O cenário de alta da inflação está ligado às mudanças nos padrões de consumo associadas à pandemia, o timing e o montante alto da transferência pública de renda (auxílio emergencial), os desarranjos das cadeias produtivas, problemas climáticos, a elevação dos preços internacionais das commodities e, principalmente, a disparada do dólar, explica o coordenador científico do Cepea, Geraldo Barros.

Vitor Benites tem 21 anos e trabalha como web designer. Durante a pandemia, ele sentiu o seu poder de compra diminuir. Carnes, óleos e alimentos supérfluos foram os principais alimentos que cortou da lista na ida ao supermercado e algumas medidas foram tomadas para que os alimentos durem mais.

“Agora eu faço a feira a cada duas semanas, evito o desperdício de alimentos, fazendo receitas que aproveitam partes como cascas de vegetais. Compro em quantidades menores e troquei os refrigerantes por sucos, e acabo comendo fora bem menos”, ele conta.

Ligia Soares, 25, é estudante e mora em Curitiba com o namorado. Ela comprava muitas frutas, verduras, grãos variados e carne, mas devido a alta de preço isso se tornou mais escasso. Durante a pandemia os pais de Ligia, que enviavam dinheiro para custear sua estadia em outra cidade, ficaram desempregados, o dinheiro foi diminuindo e ela teve que recorrer ao auxílio emergencial.

Agora ela busca os sacolões de Curitiba, onde compra frutas e verduras por preços bem baixos e assim pode ter uma alimentação mais nutritiva e balanceada. O namorado de Ligia, que trabalha, acaba comprando itens como carne de aves e alimentos mais caros uma vez ao mês, o que fez com que diminuíssem o consumo de proteína animal.

O que explica a instabilidade do mercado?

A insegurança sobre o comportamento imprevisível das instituições – envolvendo os três poderes da República, e seus embates, tem aumentado o risco-país (medidor de instabilidade econômica) e afastado investidores internacionais, explica o coordenador científico do Cepea. Esse cenário explica, em parte, a forte valorização do dólar sobre o Real e a permanência no patamar elevado.
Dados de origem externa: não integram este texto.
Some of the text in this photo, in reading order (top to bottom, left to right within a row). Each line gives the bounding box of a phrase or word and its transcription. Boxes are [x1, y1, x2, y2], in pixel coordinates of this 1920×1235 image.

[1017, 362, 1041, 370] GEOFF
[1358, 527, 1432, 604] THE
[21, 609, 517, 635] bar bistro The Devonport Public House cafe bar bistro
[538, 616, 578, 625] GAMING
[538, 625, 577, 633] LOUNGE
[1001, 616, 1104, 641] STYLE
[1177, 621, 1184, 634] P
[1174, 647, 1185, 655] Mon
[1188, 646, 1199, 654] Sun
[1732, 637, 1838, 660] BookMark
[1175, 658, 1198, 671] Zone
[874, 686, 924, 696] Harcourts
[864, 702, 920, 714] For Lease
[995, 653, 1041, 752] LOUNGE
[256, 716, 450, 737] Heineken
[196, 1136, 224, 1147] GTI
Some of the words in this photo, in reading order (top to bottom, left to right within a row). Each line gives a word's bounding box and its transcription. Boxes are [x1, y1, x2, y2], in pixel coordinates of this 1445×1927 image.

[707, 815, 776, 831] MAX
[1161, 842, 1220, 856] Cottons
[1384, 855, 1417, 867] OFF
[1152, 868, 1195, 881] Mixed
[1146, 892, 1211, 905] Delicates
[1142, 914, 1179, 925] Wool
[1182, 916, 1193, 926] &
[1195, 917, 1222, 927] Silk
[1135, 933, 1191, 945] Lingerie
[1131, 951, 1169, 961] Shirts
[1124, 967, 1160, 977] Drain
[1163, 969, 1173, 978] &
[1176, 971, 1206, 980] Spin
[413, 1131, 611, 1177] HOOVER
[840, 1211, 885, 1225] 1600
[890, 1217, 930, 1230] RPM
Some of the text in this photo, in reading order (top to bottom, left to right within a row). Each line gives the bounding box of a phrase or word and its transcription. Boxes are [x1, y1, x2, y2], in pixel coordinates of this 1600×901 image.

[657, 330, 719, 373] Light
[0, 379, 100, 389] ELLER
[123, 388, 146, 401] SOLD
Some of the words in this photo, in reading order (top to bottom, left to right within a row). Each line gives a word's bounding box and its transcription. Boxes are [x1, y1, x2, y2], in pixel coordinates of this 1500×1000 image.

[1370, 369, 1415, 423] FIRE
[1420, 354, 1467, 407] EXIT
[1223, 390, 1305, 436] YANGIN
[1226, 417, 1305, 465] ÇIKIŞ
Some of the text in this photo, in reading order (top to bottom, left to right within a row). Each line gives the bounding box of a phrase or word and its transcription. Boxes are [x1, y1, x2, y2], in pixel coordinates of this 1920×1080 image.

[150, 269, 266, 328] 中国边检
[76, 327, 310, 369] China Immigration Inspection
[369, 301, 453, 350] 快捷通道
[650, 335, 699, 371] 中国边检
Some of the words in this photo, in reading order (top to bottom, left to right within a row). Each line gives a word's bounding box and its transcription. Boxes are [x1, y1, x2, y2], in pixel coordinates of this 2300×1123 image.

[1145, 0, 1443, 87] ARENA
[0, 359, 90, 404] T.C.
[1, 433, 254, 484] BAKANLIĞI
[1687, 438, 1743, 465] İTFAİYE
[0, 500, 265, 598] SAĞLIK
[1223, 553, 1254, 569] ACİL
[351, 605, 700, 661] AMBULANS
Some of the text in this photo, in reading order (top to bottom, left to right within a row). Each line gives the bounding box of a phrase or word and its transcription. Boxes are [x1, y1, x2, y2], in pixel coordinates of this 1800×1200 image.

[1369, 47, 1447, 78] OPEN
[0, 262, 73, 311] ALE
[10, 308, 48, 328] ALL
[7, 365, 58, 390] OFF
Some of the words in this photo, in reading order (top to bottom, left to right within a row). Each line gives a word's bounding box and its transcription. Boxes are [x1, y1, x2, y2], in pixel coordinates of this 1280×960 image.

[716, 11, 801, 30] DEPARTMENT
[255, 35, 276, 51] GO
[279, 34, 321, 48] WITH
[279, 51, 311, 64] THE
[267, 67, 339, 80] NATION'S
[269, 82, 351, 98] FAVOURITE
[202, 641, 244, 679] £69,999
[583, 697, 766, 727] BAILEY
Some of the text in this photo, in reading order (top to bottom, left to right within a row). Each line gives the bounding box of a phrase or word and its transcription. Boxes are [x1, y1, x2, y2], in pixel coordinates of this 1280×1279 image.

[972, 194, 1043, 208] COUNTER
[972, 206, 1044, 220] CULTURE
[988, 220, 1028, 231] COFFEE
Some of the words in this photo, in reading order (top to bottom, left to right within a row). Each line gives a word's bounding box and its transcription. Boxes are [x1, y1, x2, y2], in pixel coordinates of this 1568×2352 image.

Em janeiro de 2020, a moeda norte-americana estava avaliada a R$ 4, e terminou o ano em R$ 5,18, acumulando alta de 29,33% no ano. Há quem diga que pode chegar a R$ 6 ainda neste ano.

“O Cepea calculou que o efeito do dólar na explicação do choque não esperado de preços dos alimentos no Brasil, foi, em 2020, cinco vezes maior do que o dos preços das commodities”, afirma o pesquisador Barros.

A valorização do dólar afeta toda a cadeia de produtos importados e exportados, além de funcionar como um balizador dos reajustes de preços na economia em momentos de incerteza, afirma Barros. Também entram nessa conta os preços dos combustíveis que afetam, por conseguinte, o frete de todos os bens.

Outro setor que onera fortemente o consumidor de baixa renda é o de transporte urbano, devido ao custo da energia que tem como fonte petróleo e derivados, muito influenciado pelo dólar.

No setor de produção de alimentos, a alta do dólar em geral favorece o segmento exportador, refletido nos dados da balança comercial das exportações do agronegócio em 2020. O faturamento somou US$ 101 bilhões, crescimento de 4% na comparação com o ano anterior, enquanto o volume embarcado subiu 10%, ambos recordes na série histórica do Cepea.

O Brasil teve uma safra de grãos no ciclo 20/21 estimada em 252,3 milhões de toneladas, de acordo com dados da Companhia Nacional de Abastecimento (Conab). Apesar do volume impressionante, o país sofre com uma forte alta no preço dos alimentos.

O economista da Fundação Getúlio Vargas (FGV), Marcelo Kfoury, afirma que a valorização no preço das commodities foi sentida mundialmente e que os preços no mercado interno não dependem somente da produção brasileira.

“Houve um grande aumento da demanda mundial por alimentos, o que fez com que os preços subissem muito. Além disso, a desvalorização da moeda fez com que os preços dos alimentos aumentassem ainda mais. Desde o início da pandemia, em fevereiro de 2020, os preços das commodities agropecuárias subiram 60%”, explica o professor.

A previsão para os próximos meses sobre os valores dos alimentos não é muito otimista, segundo Kfoury. Os preços no mercado atacadista de produtos agrícolas continuam crescendo e para os próximos meses a expectativa é que permaneçam a subir.